VOUS NE DÉSIREZ QUE MOI - Claire Simon
Dans l'ombre de Duras
Avec ce nouveau long-métrage, Vous ne désirez que moi, la réalisatrice Claire Simon propose une conversation qui s’approche plus du témoignage documentaire que de la fiction. Cet échange authentique réunit Yann Andréa (Swann Arlaud) et Michèle Manceaux (Emmanuelle Devos). Lui est écrivain, elle journaliste. Il entretient depuis deux ans une relation avec l’autrice Marguerite Duras et souhaite se confier officiellement à son amie. S’en suit alors une discussion quasi-ininterrompue que Manceaux écoute avec attention. Andréa devient le sujet d’une étude vertigineuse sur les notions de déconstruction des masculinités et des mécanismes de dominations amoureuses.
Parler pour exister
Le procédé filmique est simple mais crée une fascination et une curiosité impitoyable, notamment grâce à la teneur intime des échanges. Claire Simon se sert de ces entretiens pour faire le portrait d’un homme torturé mais déterminé à inscrire sa relation littéraire et charnelle dans une forme d’éternité. Il lui permet d’ailleurs d’explorer les thématiques de domination dans les relations amoureuses, généralement socialement « réservées aux femmes ». Simon explore de près une autre forme de masculinité, réservée, soumise et volubile, prête à mettre tous les mots, des plus interdits aux plus honteux, sur tous les états amoureux et sur l’asservissement que peuvent créer les désirs. Une initiative extrêmement rare de la part d’un personnage masculin dans les codes classiques du récit de cinéma.
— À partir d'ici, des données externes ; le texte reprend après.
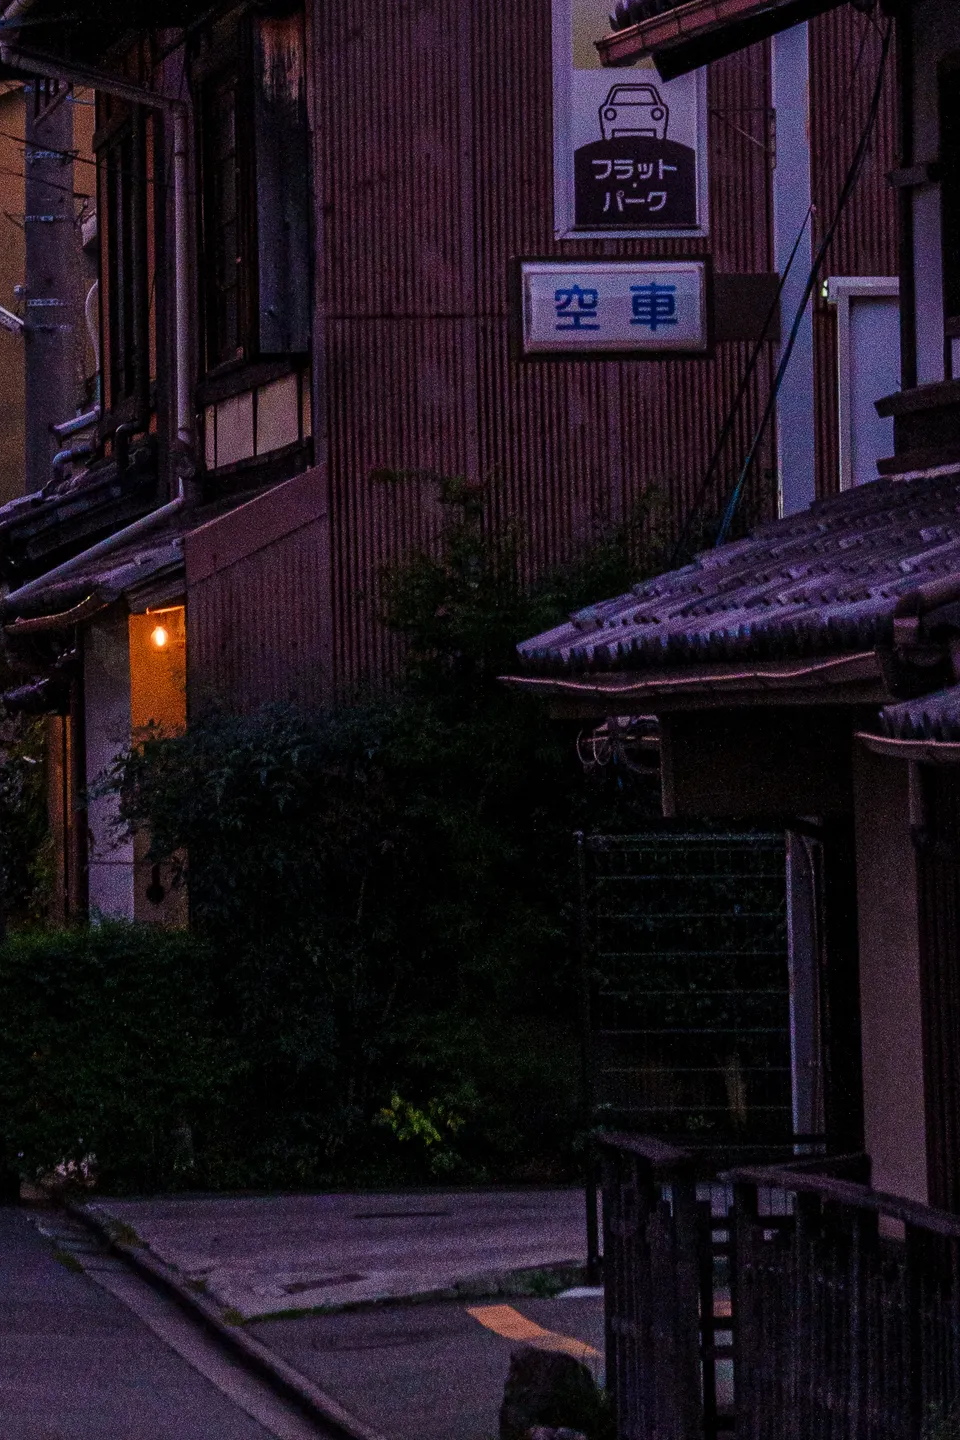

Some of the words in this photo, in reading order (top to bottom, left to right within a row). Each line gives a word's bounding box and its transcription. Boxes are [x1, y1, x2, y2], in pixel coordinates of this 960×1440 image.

Yann Andréa y fait la majeure partie de la conversation et Manceaux l’écoute par moments et ne peut pas s’empêcher de le guider pour toucher sous la surface, presque comme une metteuse en scène face à un comédien. Respectueuse ou peut-être par conscience professionnelle, elle se reprend et s’excuse d’orienter son récit, de diriger sa parole inédite et précieuse par peur de la dénaturer. Se faisant, elle élève son témoignage amoureux au rang du sacré. En recevant cette parole, elle la légitime.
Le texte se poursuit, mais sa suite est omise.